Problem statement:
Each record that follows is to be transcribed exactly, excluding its images.

Supplied data:

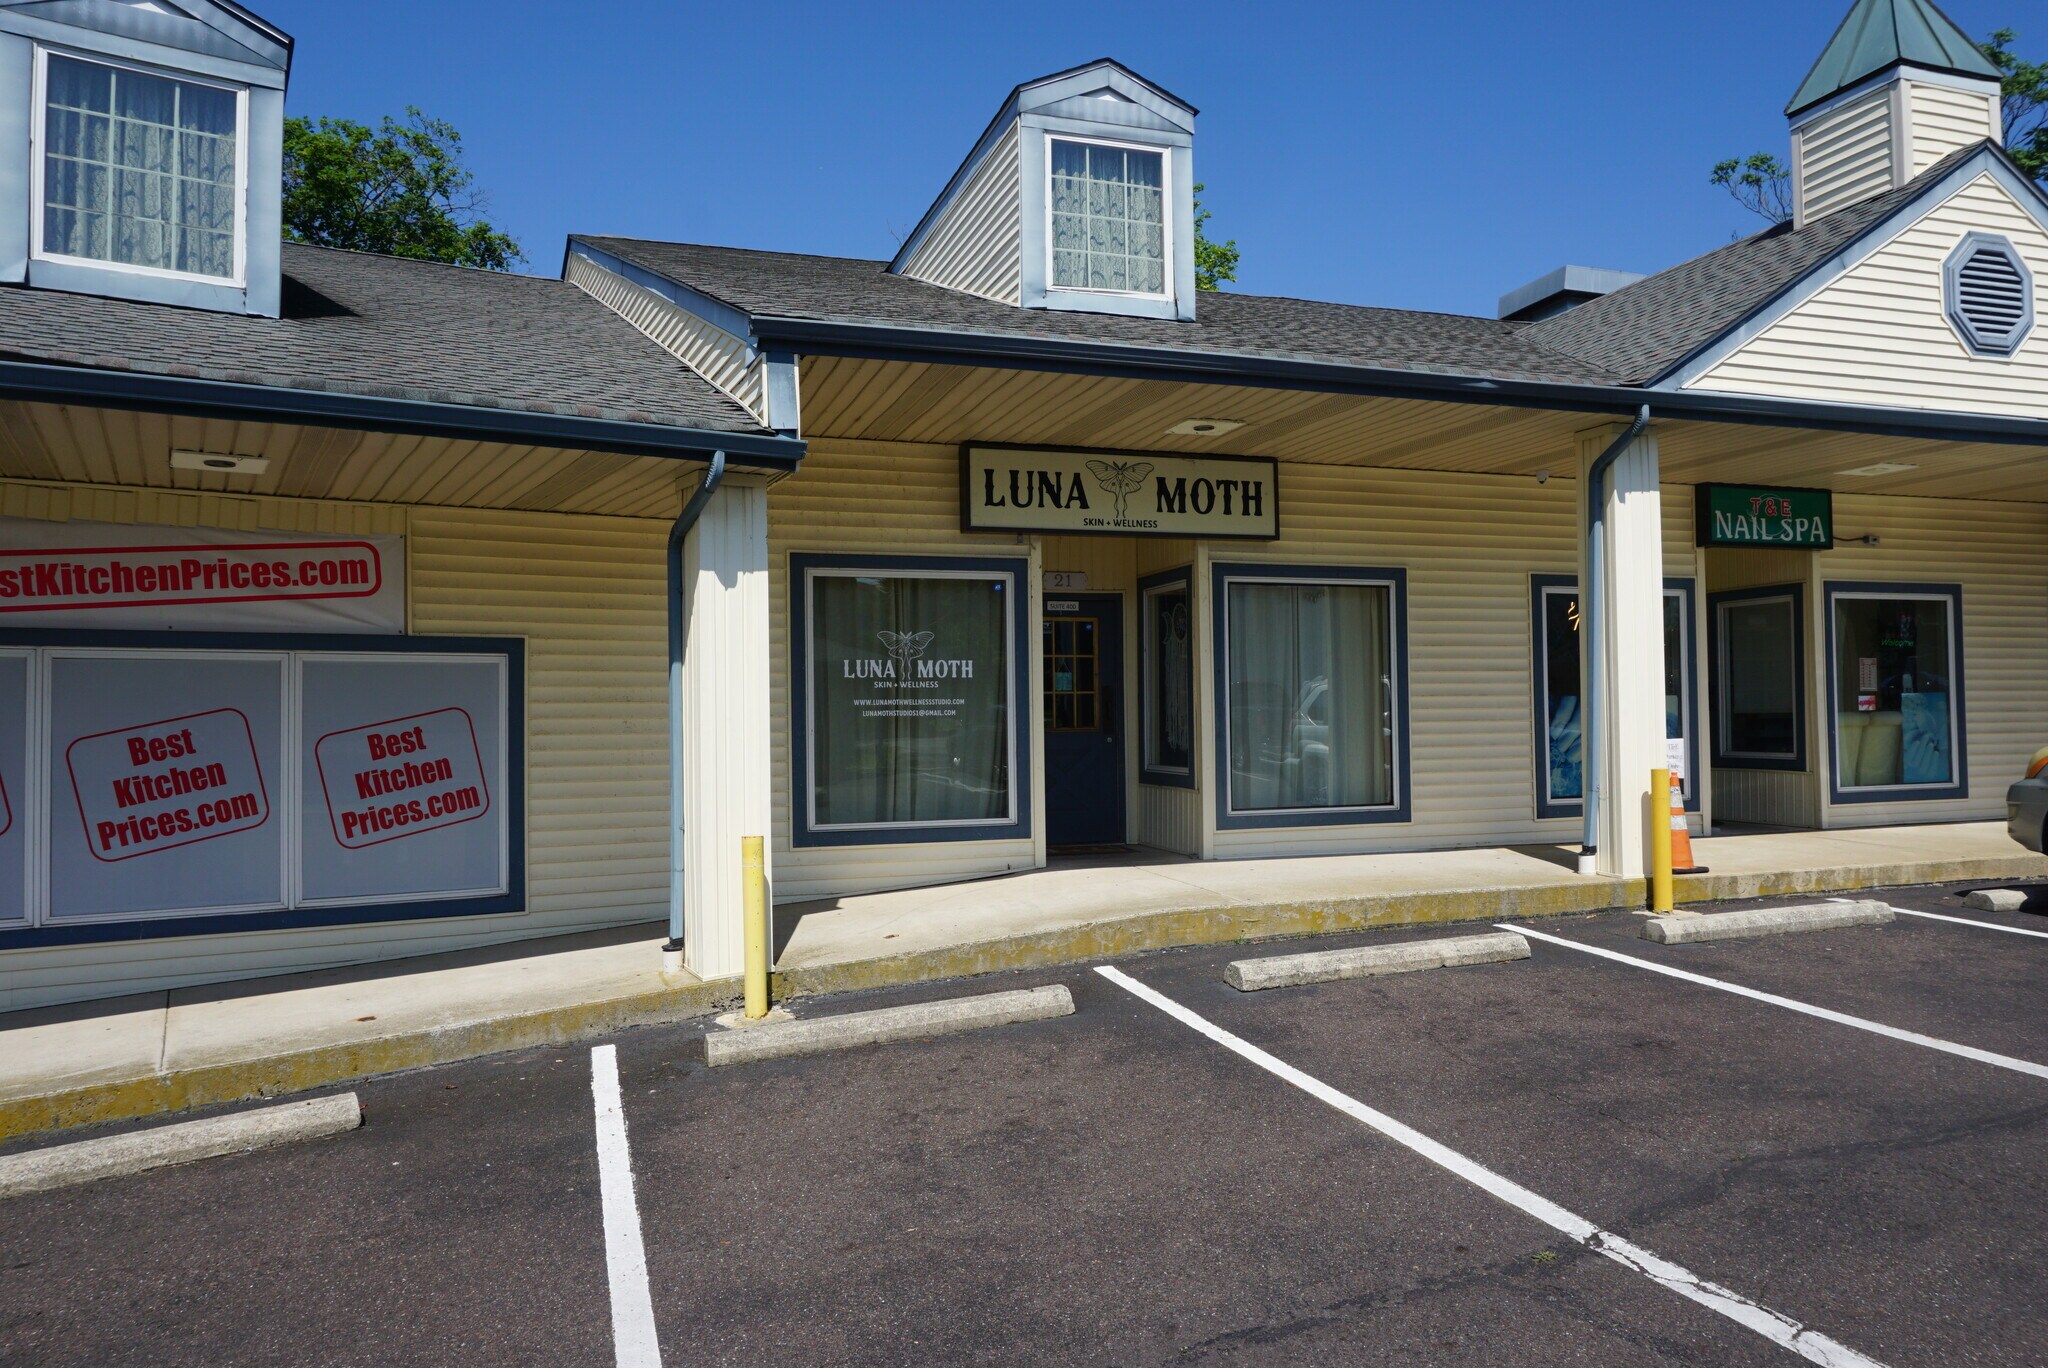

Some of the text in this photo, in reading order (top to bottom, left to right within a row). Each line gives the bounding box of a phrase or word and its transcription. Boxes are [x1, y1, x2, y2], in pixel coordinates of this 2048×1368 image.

[984, 468, 1263, 516] LUNA MOTH
[1750, 497, 1792, 516] T & E
[1083, 517, 1105, 527] SKIN
[1112, 518, 1158, 529] WELLNESS
[1715, 510, 1826, 543] NAIL SPA
[1054, 573, 1072, 587] 21
[843, 659, 974, 679] LUNA MOTH
[873, 681, 893, 689] SKIN
[899, 681, 939, 689] WELLNESS
[853, 698, 965, 706] WWW.LUNAMOTHWELLNESSSTUDIO.COM
[127, 728, 197, 767] Best
[367, 725, 427, 761] Best
[113, 761, 227, 808] Kitchen
[355, 757, 453, 800] Kitchen
[97, 791, 259, 851] Prices.com
[341, 784, 481, 839] Prices.com
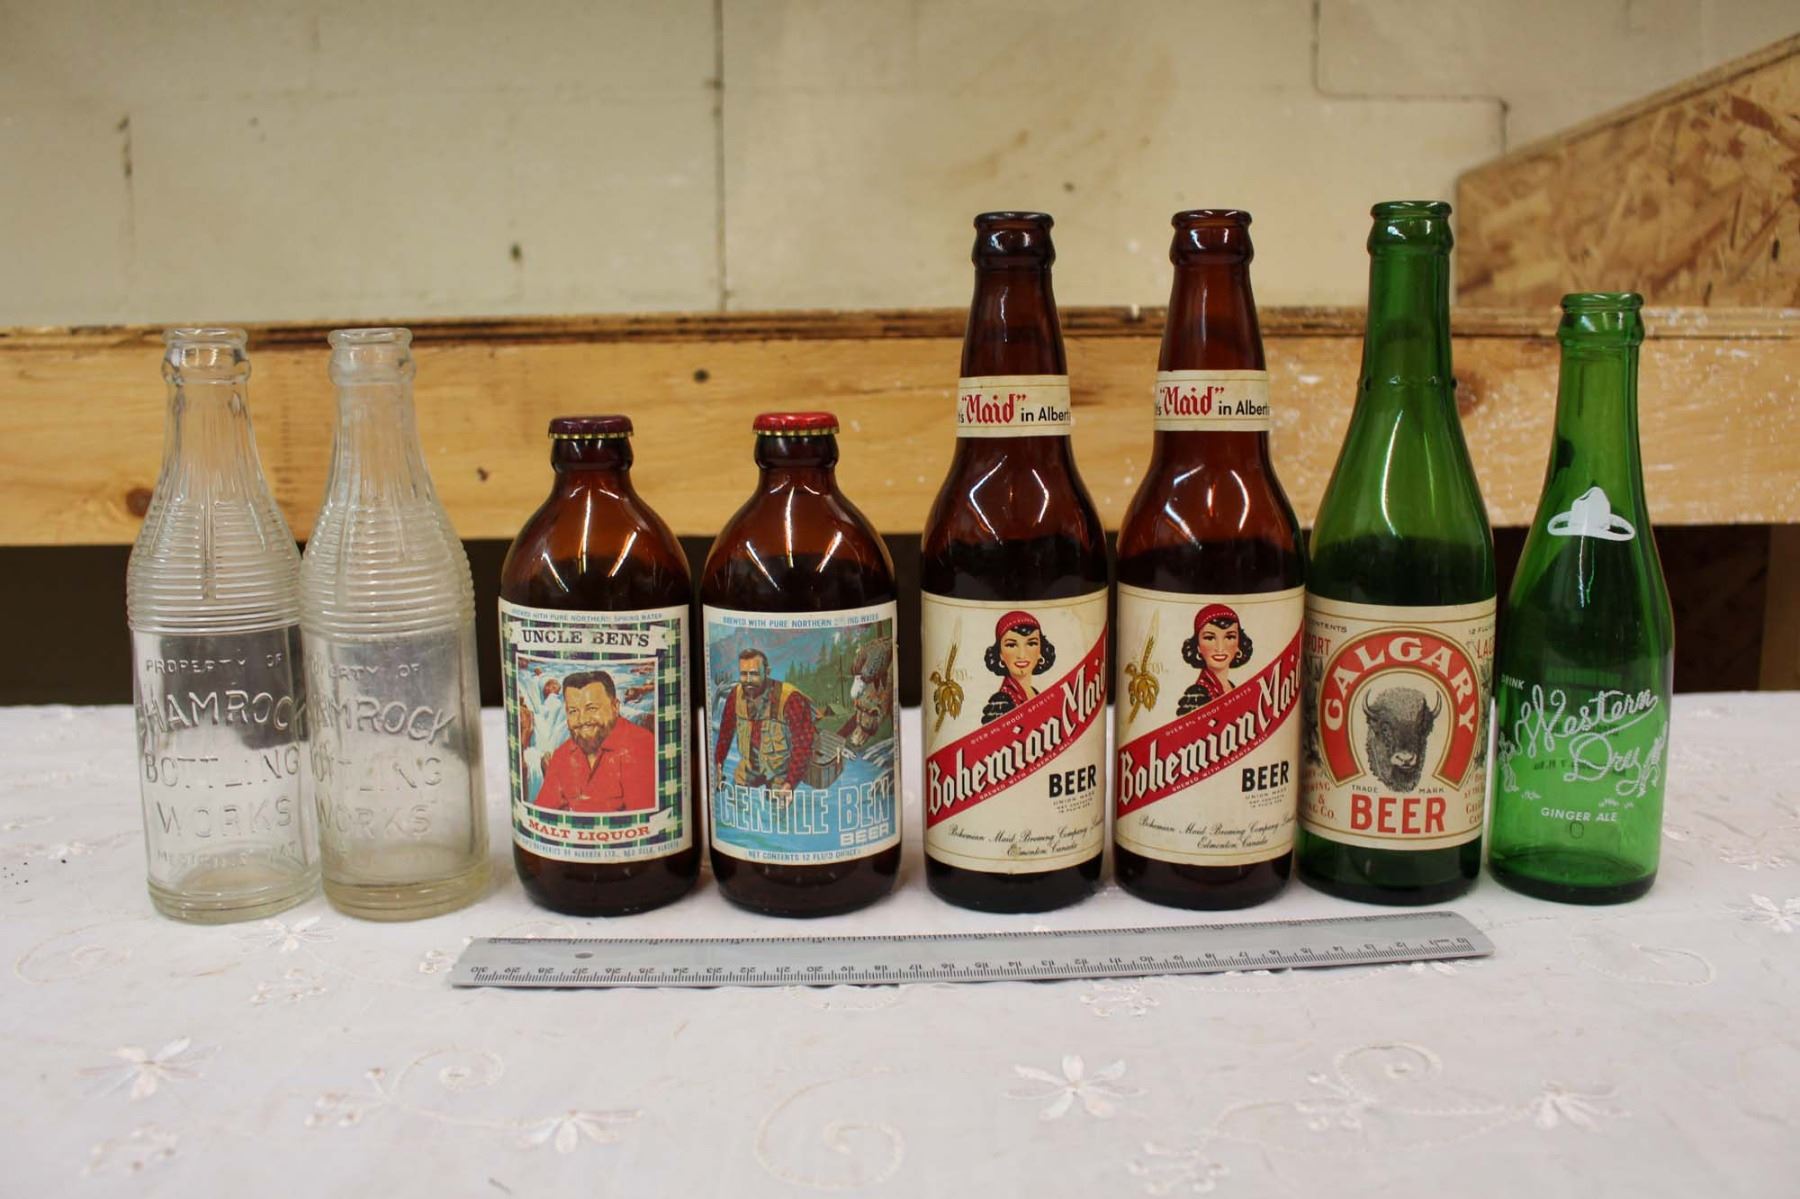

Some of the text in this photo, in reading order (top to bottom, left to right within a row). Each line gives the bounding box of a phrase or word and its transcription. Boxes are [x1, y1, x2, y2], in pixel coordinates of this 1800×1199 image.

[961, 393, 1027, 424] "Maid"
[1021, 407, 1034, 422] in
[1160, 386, 1224, 416] "Maid"
[1218, 401, 1232, 415] in
[521, 628, 650, 647] UNCLE BEN'S
[749, 618, 766, 627] WITH
[769, 619, 787, 628] PURE
[791, 618, 832, 628] NORTHERN
[1477, 637, 1495, 659] LAG
[145, 653, 283, 674] PROPERTY OF
[397, 663, 420, 678] OF
[1324, 636, 1474, 733] CALGARY
[1197, 705, 1220, 720] PROOF
[1515, 684, 1658, 758] Western
[928, 715, 1063, 816] Bohemian
[1119, 711, 1257, 806] Bohemian
[1172, 776, 1199, 792] BREWED
[1202, 765, 1221, 778] WITH
[1223, 746, 1251, 766] ALBERTA
[1563, 731, 1642, 796] Dry
[979, 784, 1006, 800] BREWED
[1008, 772, 1027, 785] WITH
[1049, 764, 1097, 799] BEER
[1241, 761, 1290, 793] BEER
[1352, 784, 1445, 795] TRADE MARK
[156, 797, 291, 838] WORKS
[314, 793, 432, 839] WORKS
[719, 776, 890, 835] GENTLE BEN
[1350, 793, 1447, 834] BEER
[1541, 807, 1618, 822] GINGER ALE
[528, 818, 651, 842] MALT LIQUOR
[840, 822, 890, 847] BEER
[763, 851, 800, 862] CONTENTS

Result of this task:
Some of the text in this photo, in reading order (top to bottom, left to right within a row). Each line gives the bounding box of a phrase or word and its transcription. Boxes are [x1, y1, x2, y2], in pixel coordinates of this 2048×1368 image.

[984, 468, 1263, 516] LUNA MOTH
[1750, 497, 1792, 516] T & E
[1083, 517, 1105, 527] SKIN
[1112, 518, 1158, 529] WELLNESS
[1715, 510, 1826, 543] NAIL SPA
[1054, 573, 1072, 587] 21
[843, 659, 974, 679] LUNA MOTH
[873, 681, 893, 689] SKIN
[899, 681, 939, 689] WELLNESS
[853, 698, 965, 706] WWW.LUNAMOTHWELLNESSSTUDIO.COM
[127, 728, 197, 767] Best
[367, 725, 427, 761] Best
[113, 761, 227, 808] Kitchen
[355, 757, 453, 800] Kitchen
[97, 791, 259, 851] Prices.com
[341, 784, 481, 839] Prices.com

Some of the text in this photo, in reading order (top to bottom, left to right within a row). Each line gives the bounding box of a phrase or word and its transcription. Boxes are [x1, y1, x2, y2], in pixel coordinates of this 1800×1199 image.

[961, 393, 1027, 424] "Maid"
[1021, 407, 1034, 422] in
[1160, 386, 1224, 416] "Maid"
[1218, 401, 1232, 415] in
[521, 628, 650, 647] UNCLE BEN'S
[749, 618, 766, 627] WITH
[769, 619, 787, 628] PURE
[791, 618, 832, 628] NORTHERN
[1477, 637, 1495, 659] LAG
[145, 653, 283, 674] PROPERTY OF
[397, 663, 420, 678] OF
[1324, 636, 1474, 733] CALGARY
[1197, 705, 1220, 720] PROOF
[1515, 684, 1658, 758] Western
[928, 715, 1063, 816] Bohemian
[1119, 711, 1257, 806] Bohemian
[1172, 776, 1199, 792] BREWED
[1202, 765, 1221, 778] WITH
[1223, 746, 1251, 766] ALBERTA
[1563, 731, 1642, 796] Dry
[979, 784, 1006, 800] BREWED
[1008, 772, 1027, 785] WITH
[1049, 764, 1097, 799] BEER
[1241, 761, 1290, 793] BEER
[1352, 784, 1445, 795] TRADE MARK
[156, 797, 291, 838] WORKS
[314, 793, 432, 839] WORKS
[719, 776, 890, 835] GENTLE BEN
[1350, 793, 1447, 834] BEER
[1541, 807, 1618, 822] GINGER ALE
[528, 818, 651, 842] MALT LIQUOR
[840, 822, 890, 847] BEER
[763, 851, 800, 862] CONTENTS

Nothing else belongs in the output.